┌─ Data for processing

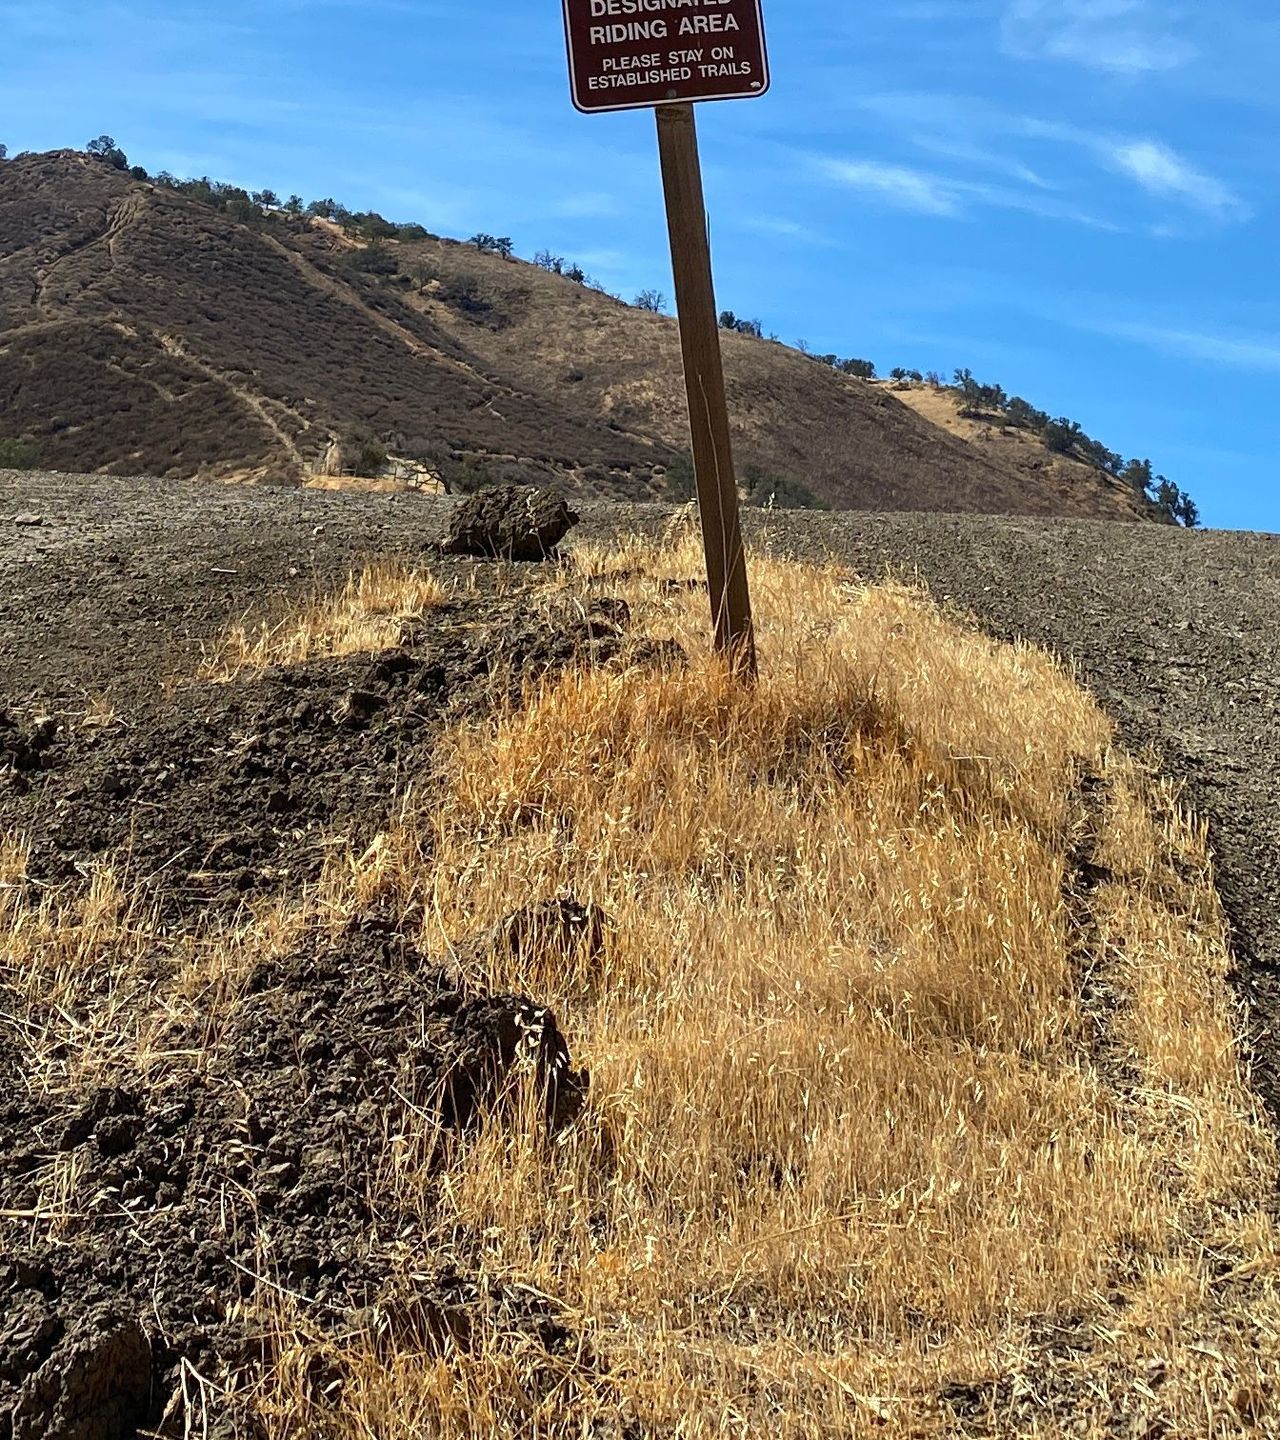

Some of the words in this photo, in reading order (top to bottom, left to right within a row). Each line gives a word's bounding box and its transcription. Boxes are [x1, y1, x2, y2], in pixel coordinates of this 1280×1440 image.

[589, 19, 667, 45] RIDING
[678, 13, 739, 36] AREA
[602, 53, 661, 71] PLEASE
[668, 48, 704, 65] STAY
[711, 46, 734, 60] ON
[588, 67, 692, 90] ESTABLISHED
[698, 61, 751, 79] TRAILS
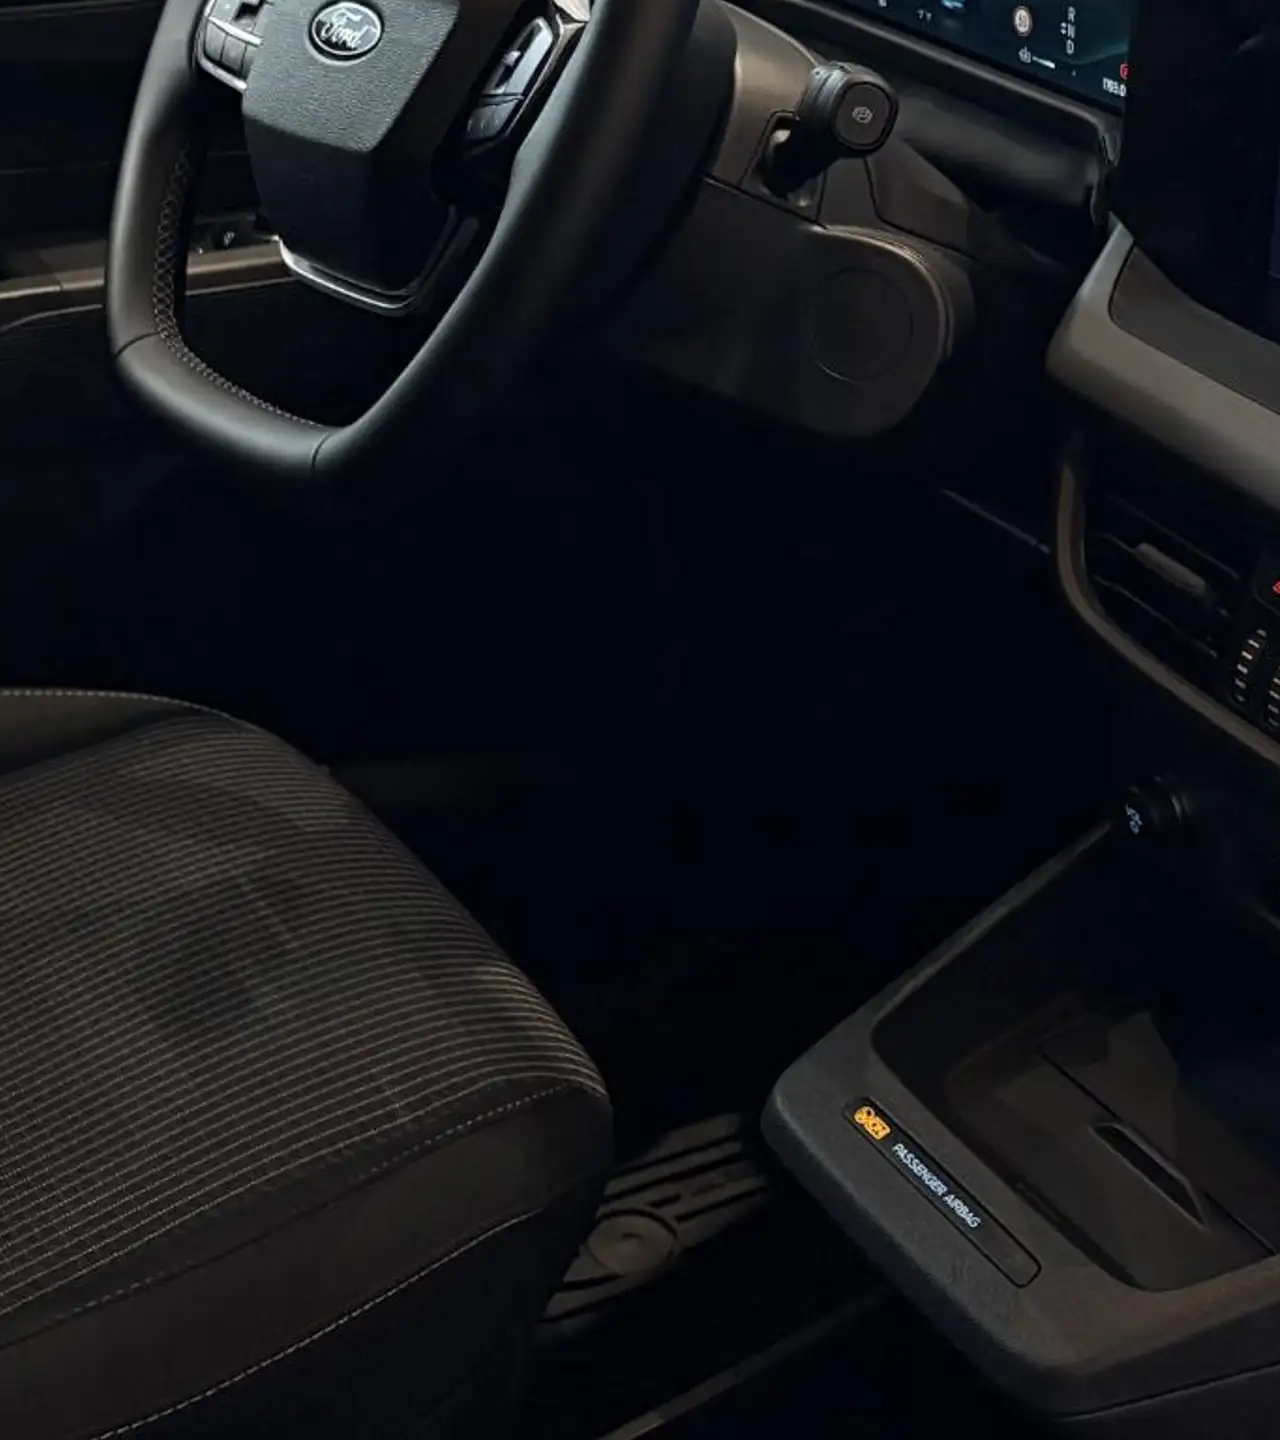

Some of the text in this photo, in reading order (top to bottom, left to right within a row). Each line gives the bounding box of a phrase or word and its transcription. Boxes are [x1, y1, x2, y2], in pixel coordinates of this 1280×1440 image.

[320, 7, 366, 50] Ford
[892, 1142, 981, 1228] PASSENGER AIRBAG
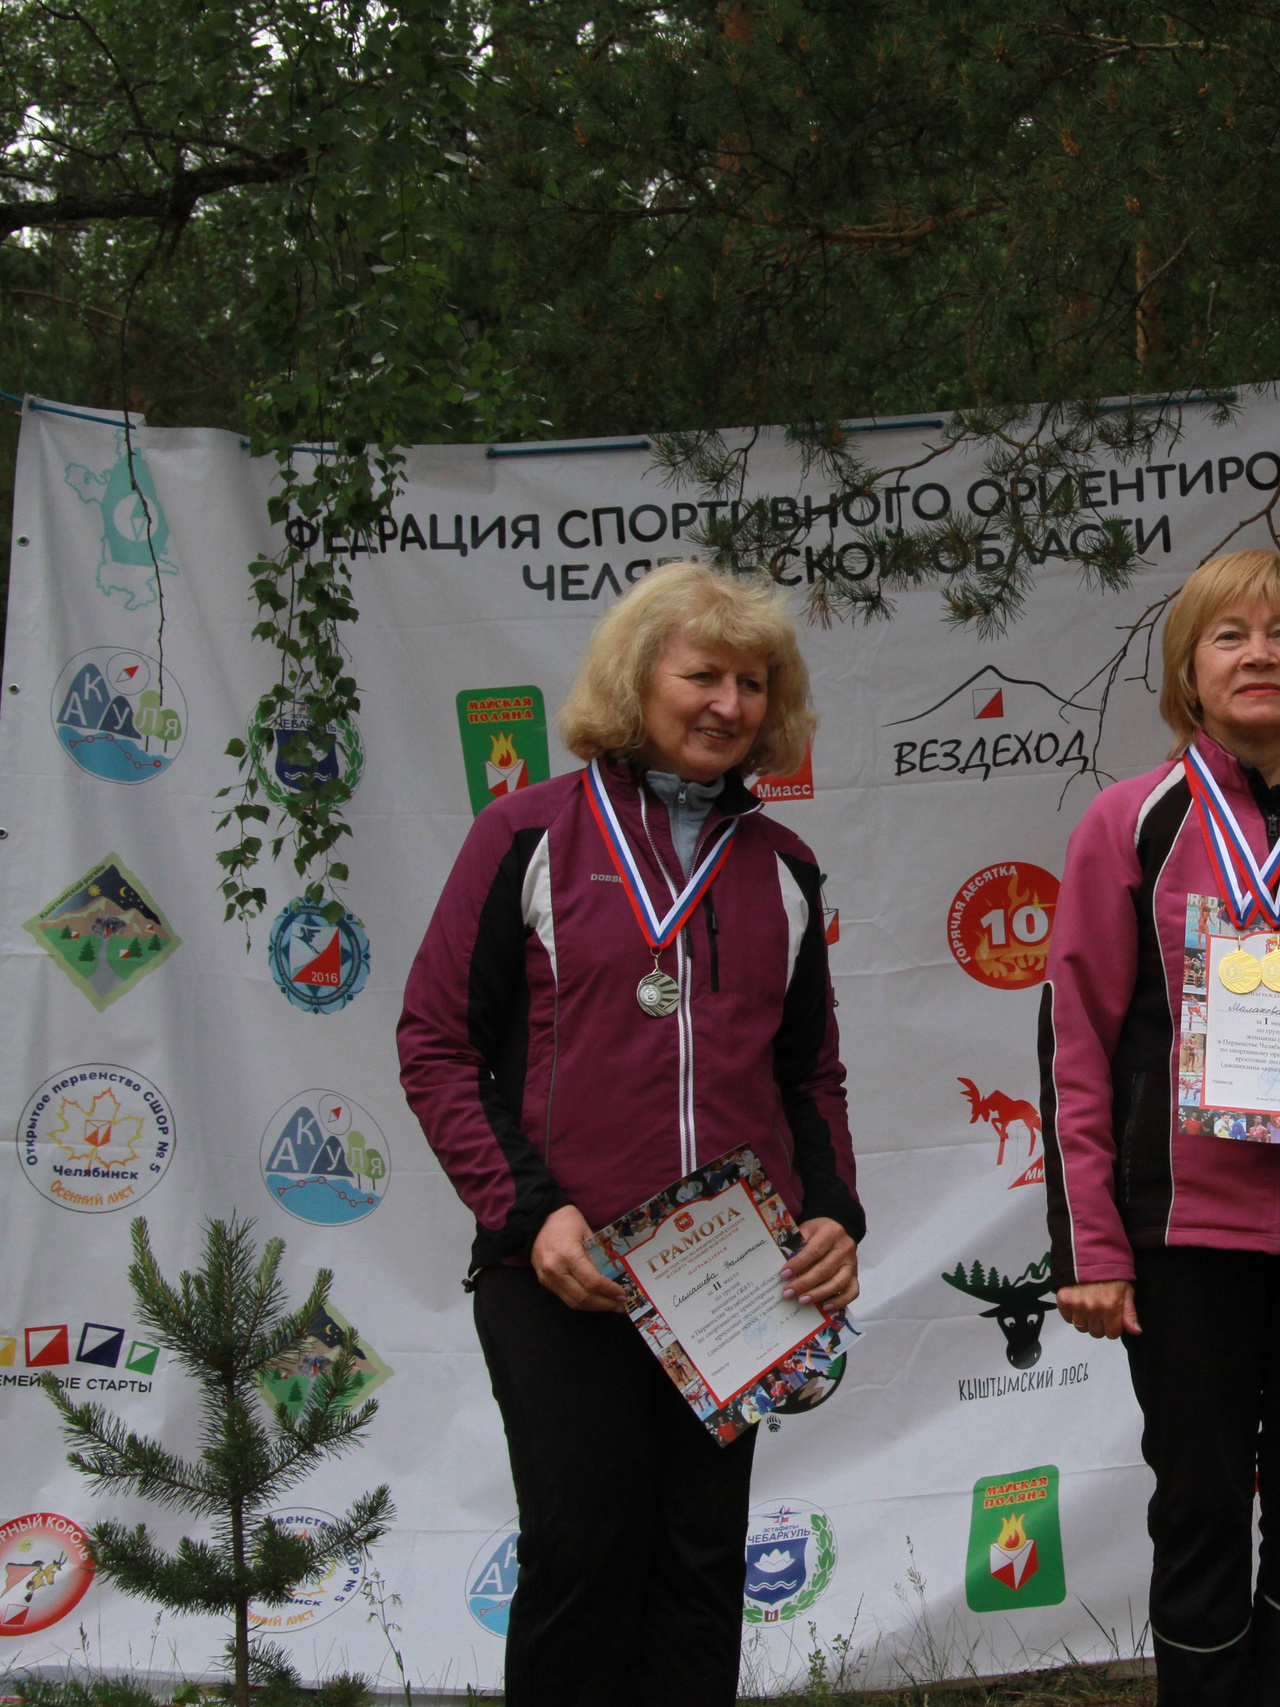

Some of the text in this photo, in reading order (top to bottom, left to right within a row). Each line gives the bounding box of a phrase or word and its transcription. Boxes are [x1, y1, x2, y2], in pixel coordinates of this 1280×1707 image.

[468, 697, 532, 711] МАЙСКАЯ
[469, 710, 533, 723] ПОЛЯНА
[893, 730, 1090, 782] ВЕЗДЕХОД
[756, 783, 812, 798] Миасс
[950, 865, 1018, 965] ГОРЯЧАЯ ДЕСЯТКА
[980, 905, 1049, 945] 10
[311, 971, 338, 984] 2016
[26, 1071, 170, 1173] Открытое первенство СШОР № 5
[53, 1164, 139, 1180] Челябинск
[646, 1206, 741, 1274] ГРАМОТА
[87, 1379, 152, 1393] СТАРТЫ
[958, 1362, 1089, 1401] КЫШТЫМСКИЙ ЛОСЬ
[985, 1476, 1049, 1497] МАЙСКАЯ
[983, 1489, 1047, 1509] ПОЛЯНА
[46, 1516, 88, 1561] КОРОЛЬ
[747, 1528, 811, 1543] ЧЕБАРКУЛЬ
[763, 1524, 799, 1533] эстафеты

└─

◆ **What the task asks**: Repeat the entries exactly. Any picture is to be left out.

◆ **Finished task**:
Some of the words in this photo, in reading order (top to bottom, left to right within a row). Each line gives a word's bounding box and its transcription. Boxes are [x1, y1, x2, y2], in pixel coordinates of this 1280×1440 image.

[589, 19, 667, 45] RIDING
[678, 13, 739, 36] AREA
[602, 53, 661, 71] PLEASE
[668, 48, 704, 65] STAY
[711, 46, 734, 60] ON
[588, 67, 692, 90] ESTABLISHED
[698, 61, 751, 79] TRAILS

Some of the text in this photo, in reading order (top to bottom, left to right within a row). Each line gives the bounding box of a phrase or word and its transcription. Boxes are [x1, y1, x2, y2], in pixel coordinates of this 1280×1440 image.

[320, 7, 366, 50] Ford
[892, 1142, 981, 1228] PASSENGER AIRBAG

Some of the text in this photo, in reading order (top to bottom, left to right within a row). Each line gives the bounding box of a phrase or word and its transcription. Boxes are [x1, y1, x2, y2], in pixel coordinates of this 1280×1707 image.

[468, 697, 532, 711] МАЙСКАЯ
[469, 710, 533, 723] ПОЛЯНА
[893, 730, 1090, 782] ВЕЗДЕХОД
[756, 783, 812, 798] Миасс
[950, 865, 1018, 965] ГОРЯЧАЯ ДЕСЯТКА
[980, 905, 1049, 945] 10
[311, 971, 338, 984] 2016
[26, 1071, 170, 1173] Открытое первенство СШОР № 5
[53, 1164, 139, 1180] Челябинск
[646, 1206, 741, 1274] ГРАМОТА
[87, 1379, 152, 1393] СТАРТЫ
[958, 1362, 1089, 1401] КЫШТЫМСКИЙ ЛОСЬ
[985, 1476, 1049, 1497] МАЙСКАЯ
[983, 1489, 1047, 1509] ПОЛЯНА
[46, 1516, 88, 1561] КОРОЛЬ
[747, 1528, 811, 1543] ЧЕБАРКУЛЬ
[763, 1524, 799, 1533] эстафеты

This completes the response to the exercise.